Tennesee William’s “A Streetcar Named Desire” exposed the dominant, and repulsive character of men, starving women of their right to life and freedom of speech by silencing their suffering during sexual abuse in their marriage. This issue is still prevalent today. According to the International Labour Organization, 21 million people in the world are now known to be victims of forced labour, and 40.3 million are victims of modern slavery, 11.4 million of them being women. 42% of the 78% of victims of slavery are known to be women who suffer from sexual abuse in arranged marriages they cannot get out of according to the Global Slavery Index.
The Global Slavery Index stated that the Asia and Pacific region had a high prevalence of forced labour (4.0 per 1,000 people) compared to other regions. Within the region, North Korea, Afghanistan, and Pakistan were the countries with the highest prevalence of modern slavery. India, China, and Pakistan had the highest absolute number of people living in modern slavery and accounted for 60% of the victims in the region. The UN website states that, globally, 750 million women and girls were married before the age of 18 and at least 200 million women and girls in 30 countries have undergone FGM (female genital mutilation). One in five women and girls, including 19% of women and girls aged 15-49, have experienced physical and/or sexual violence by an intimate partner within the last 12 months. Yet, 49 countries have no laws that specifically protect women from such violence, hereby enforcing the movement of “women rights” being considered “human rights”. The UN website, further states that the Covid-19 pandemic has increased the risk of violence against women and girls because of lockdowns.

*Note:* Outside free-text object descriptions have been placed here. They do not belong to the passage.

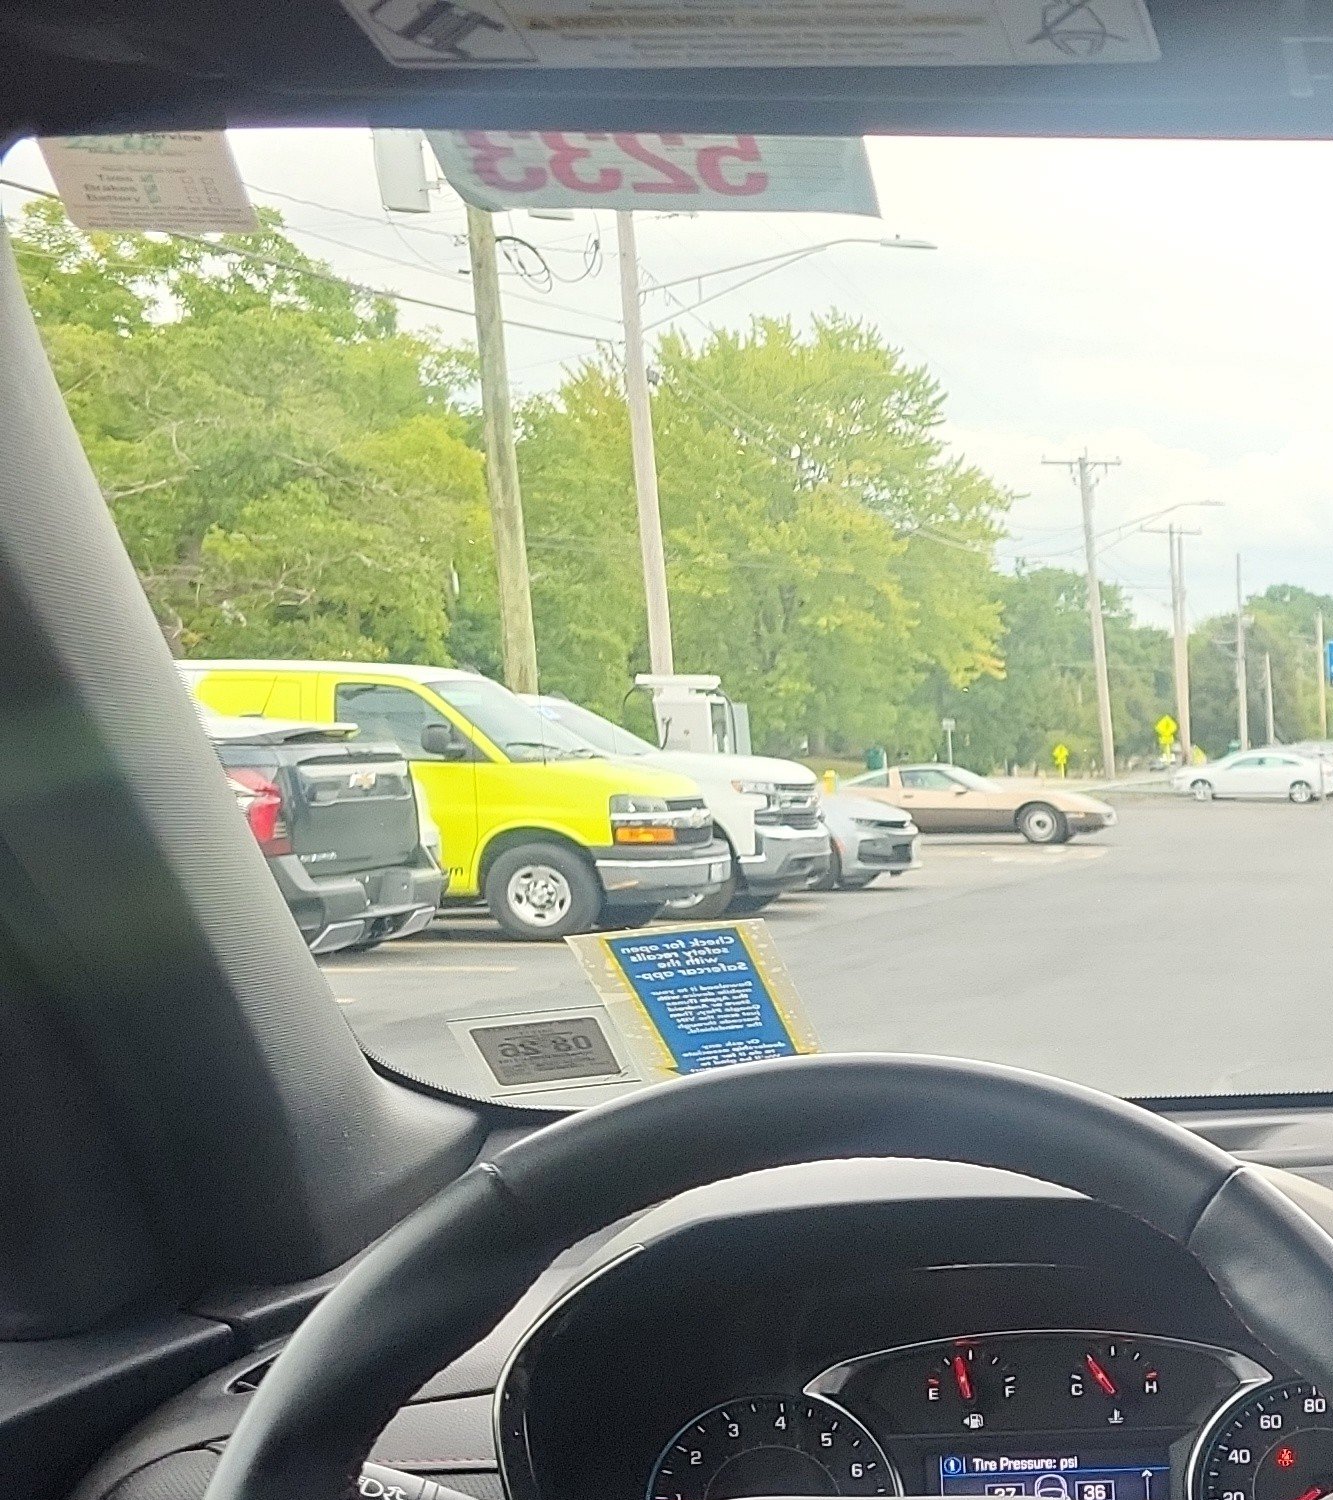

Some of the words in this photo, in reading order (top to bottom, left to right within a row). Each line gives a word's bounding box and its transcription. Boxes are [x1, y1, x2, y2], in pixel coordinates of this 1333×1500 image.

[928, 1388, 940, 1401] E
[1005, 1385, 1015, 1398] F
[1071, 1384, 1083, 1396] C
[1145, 1381, 1157, 1394] H
[1304, 1399, 1326, 1413] 80
[775, 1416, 787, 1430] 4
[1260, 1415, 1282, 1429] 60
[728, 1423, 739, 1438] 3
[820, 1433, 832, 1447] 5
[690, 1451, 702, 1465] 2
[972, 1458, 997, 1471] Tire
[1000, 1456, 1057, 1471] Pressure:
[1060, 1455, 1078, 1471] psi
[1228, 1449, 1251, 1464] 40
[851, 1463, 863, 1478] 6
[1083, 1486, 1106, 1500] 36
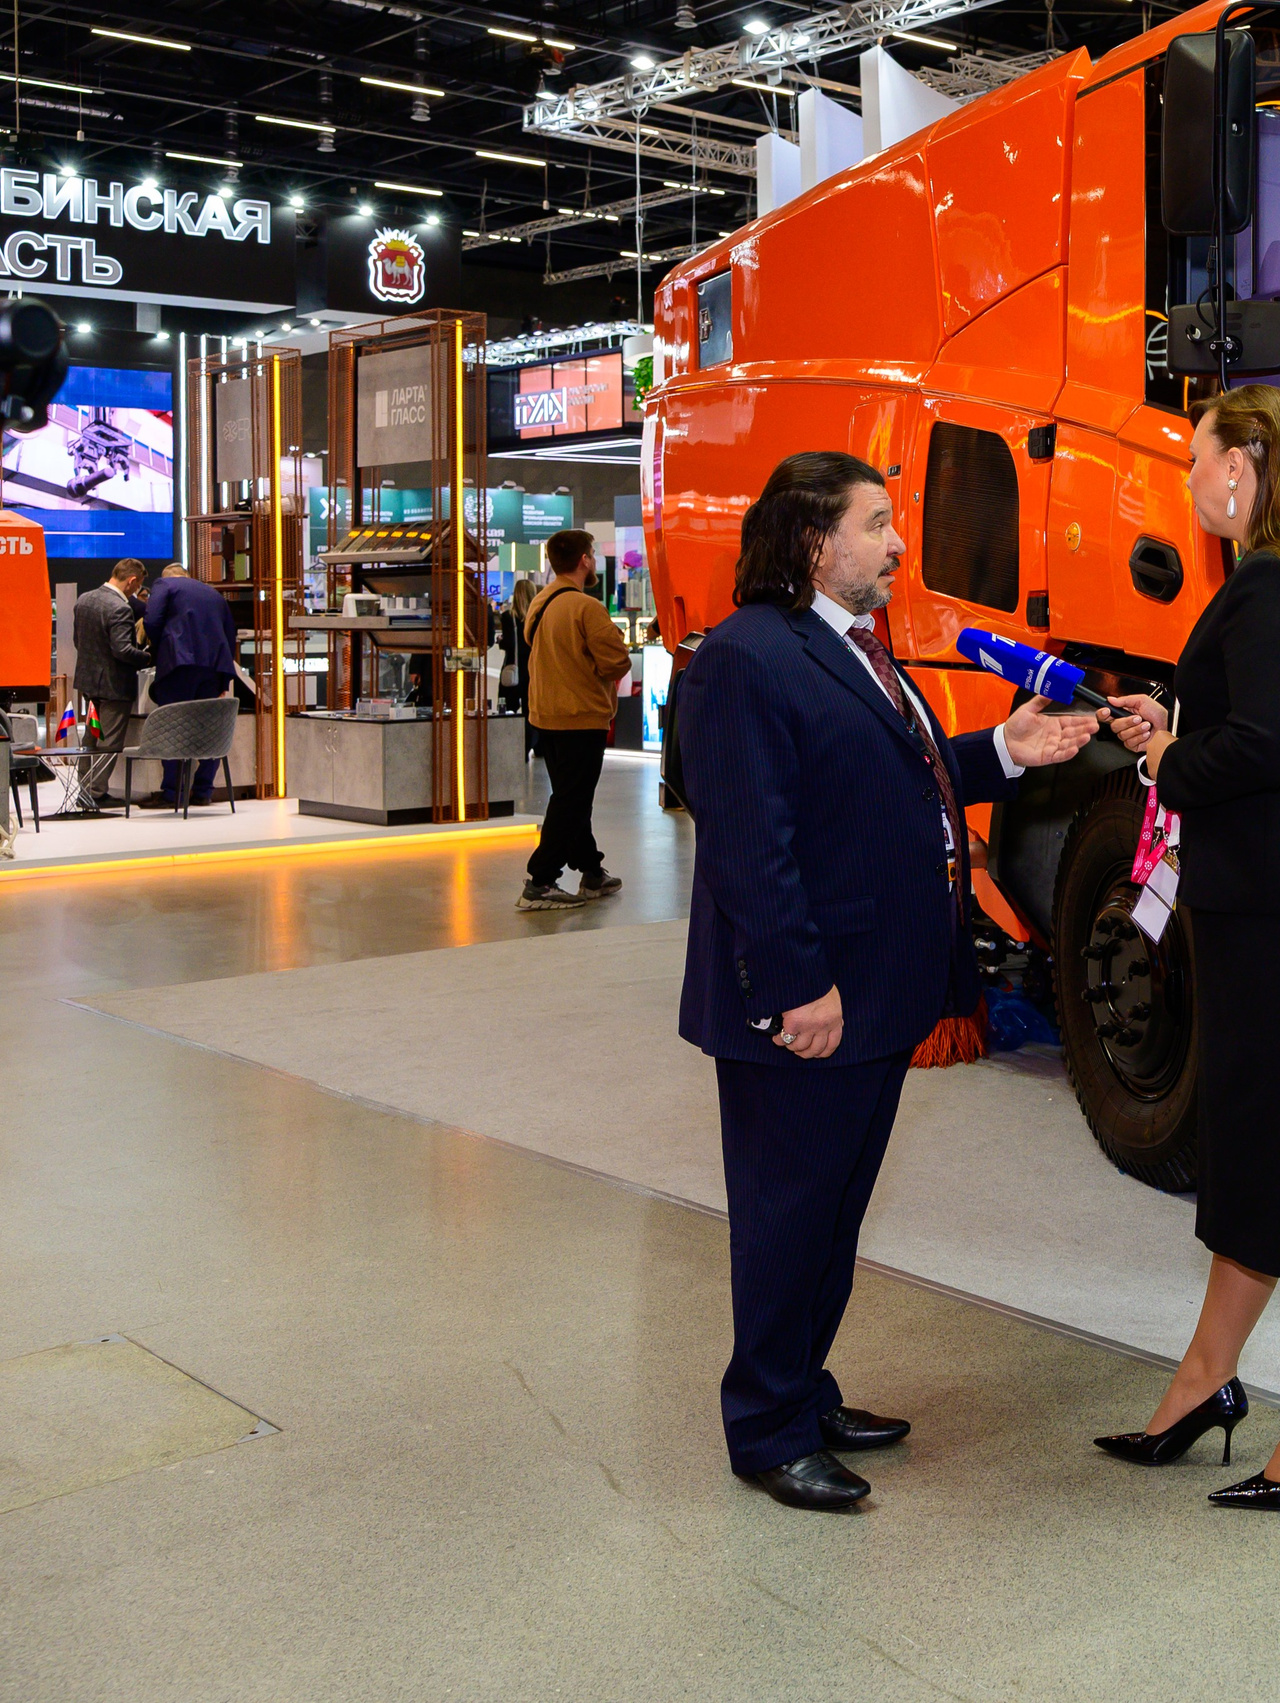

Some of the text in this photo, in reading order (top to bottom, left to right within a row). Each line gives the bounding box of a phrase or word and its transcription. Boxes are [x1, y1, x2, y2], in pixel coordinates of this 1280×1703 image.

[0, 167, 271, 244] БИНСКАЯ
[0, 230, 123, 285] СТЬ
[391, 405, 426, 426] ГЛАСС
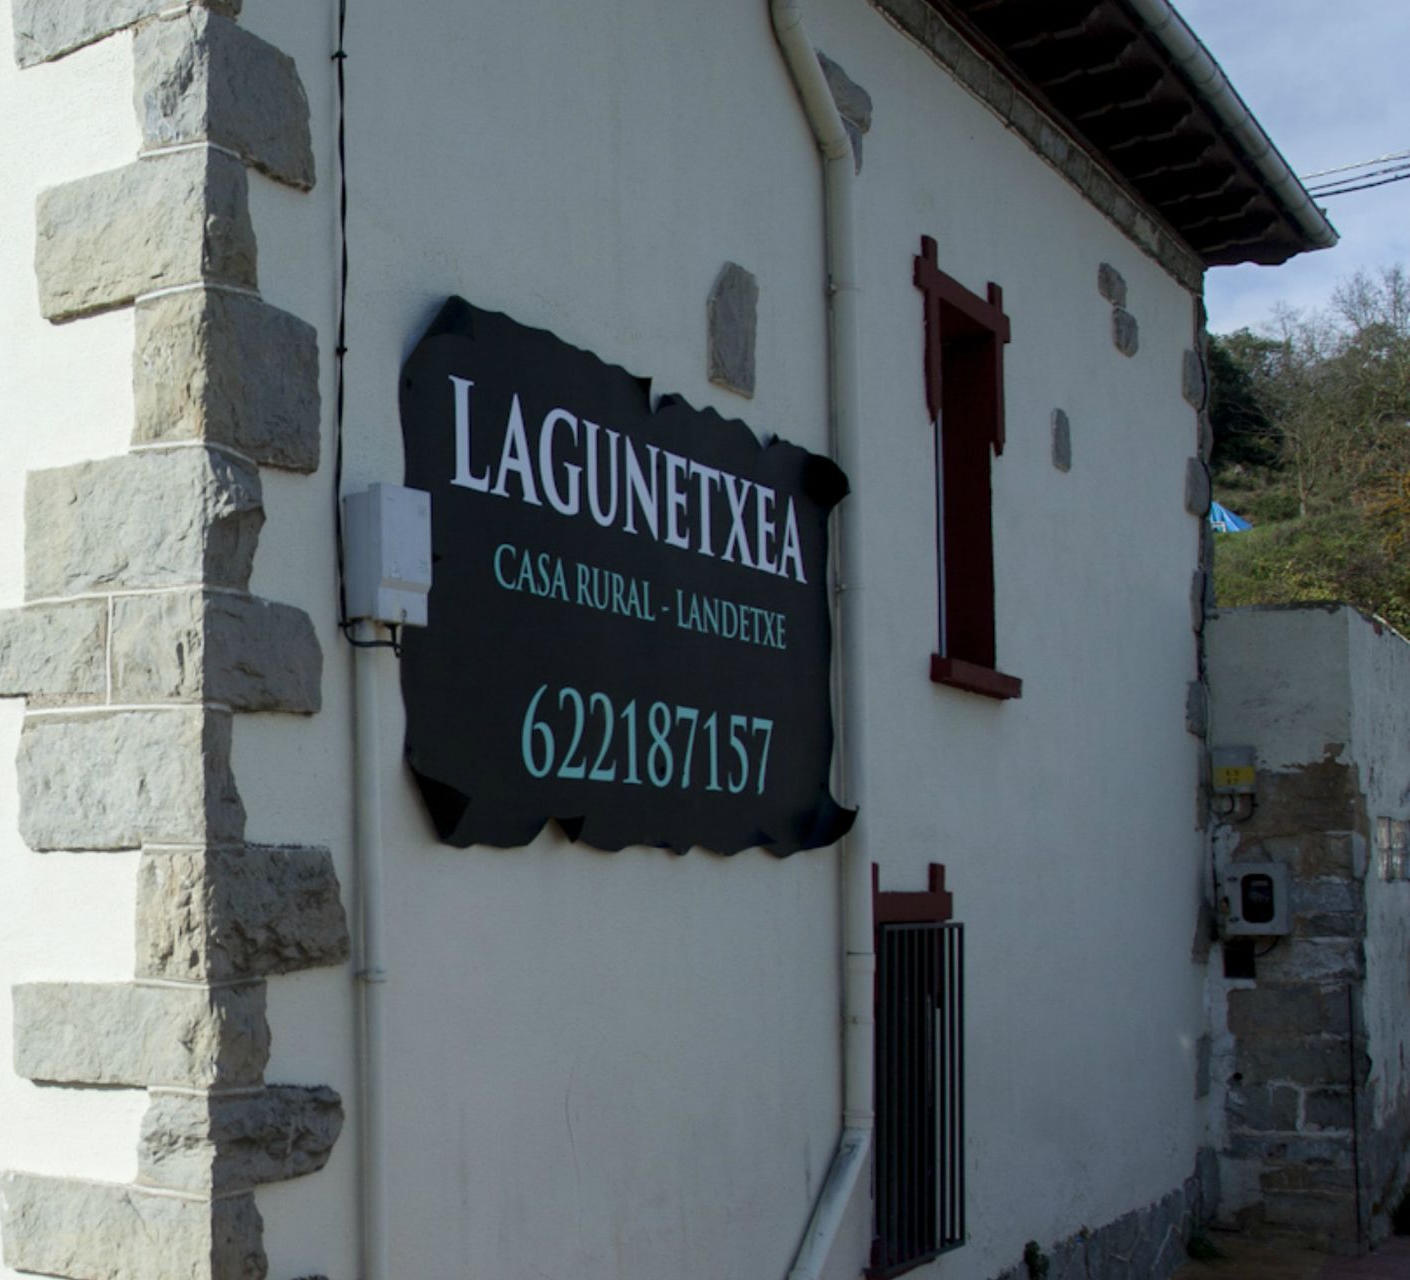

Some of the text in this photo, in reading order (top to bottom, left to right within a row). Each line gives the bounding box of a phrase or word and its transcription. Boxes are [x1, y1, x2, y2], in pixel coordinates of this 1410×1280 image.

[448, 374, 808, 584] LAGUNETXEA
[493, 543, 570, 602] CASA
[576, 562, 656, 622] RURAL
[676, 588, 787, 650] LANDETXE
[521, 684, 774, 795] 622187157
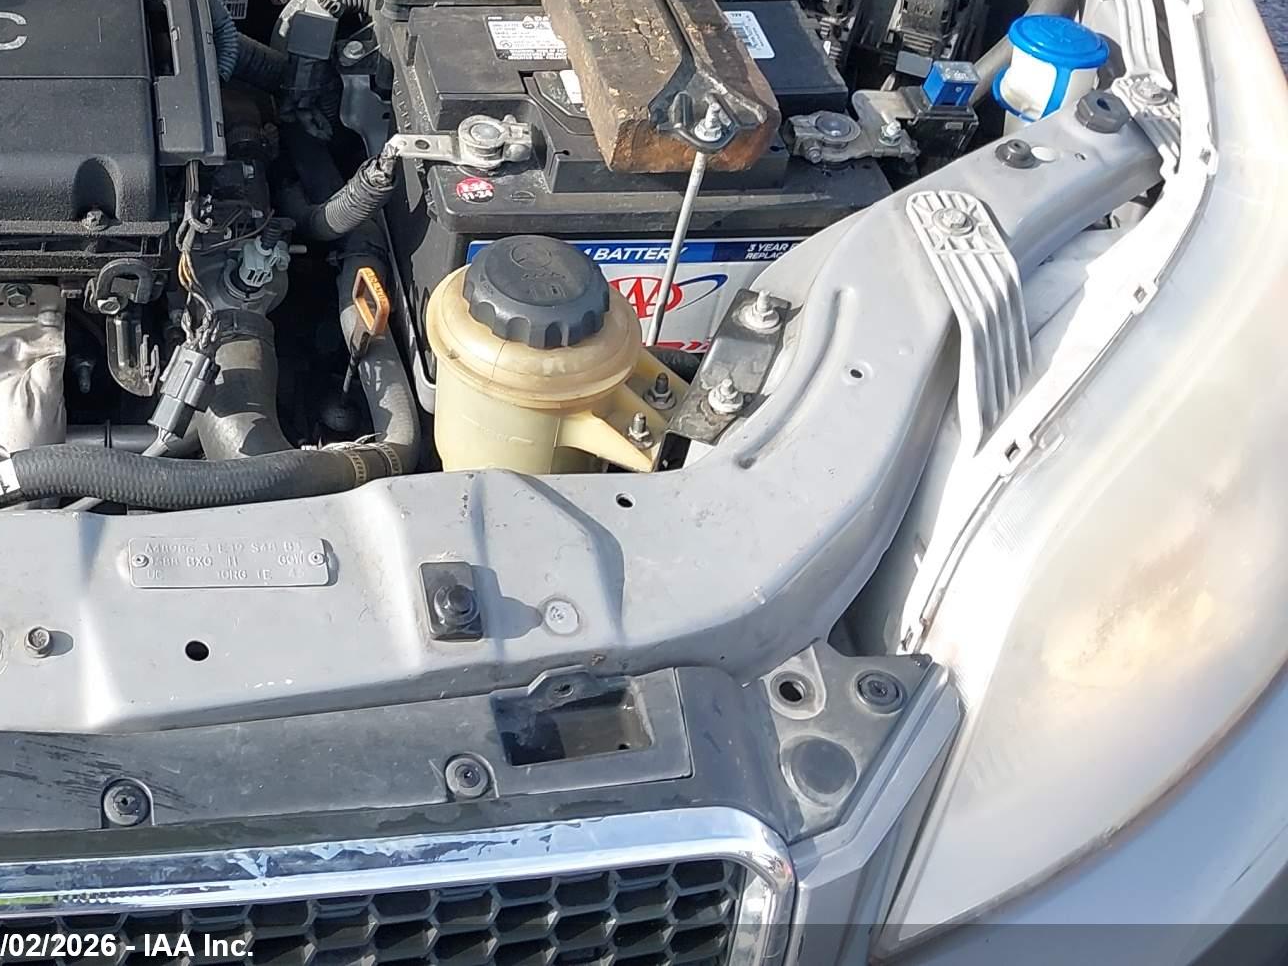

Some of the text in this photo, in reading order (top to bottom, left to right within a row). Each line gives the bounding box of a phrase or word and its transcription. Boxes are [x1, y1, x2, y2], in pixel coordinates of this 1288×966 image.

[593, 246, 688, 262] BATTER
[746, 243, 756, 253] 3
[758, 243, 789, 253] YEAR

Female genital mutilation (FGM) has declined in recent years, and women’s representation in the political arena is higher than ever before, but the promise of a world in which every woman and girl enjoys full gender equality, and where all legal, social, and economic barriers to their empowerment have been removed, remains unfulfilled. In fact, that goal is probably even more distant than before, since women and girls are being hit hard by Covid-19."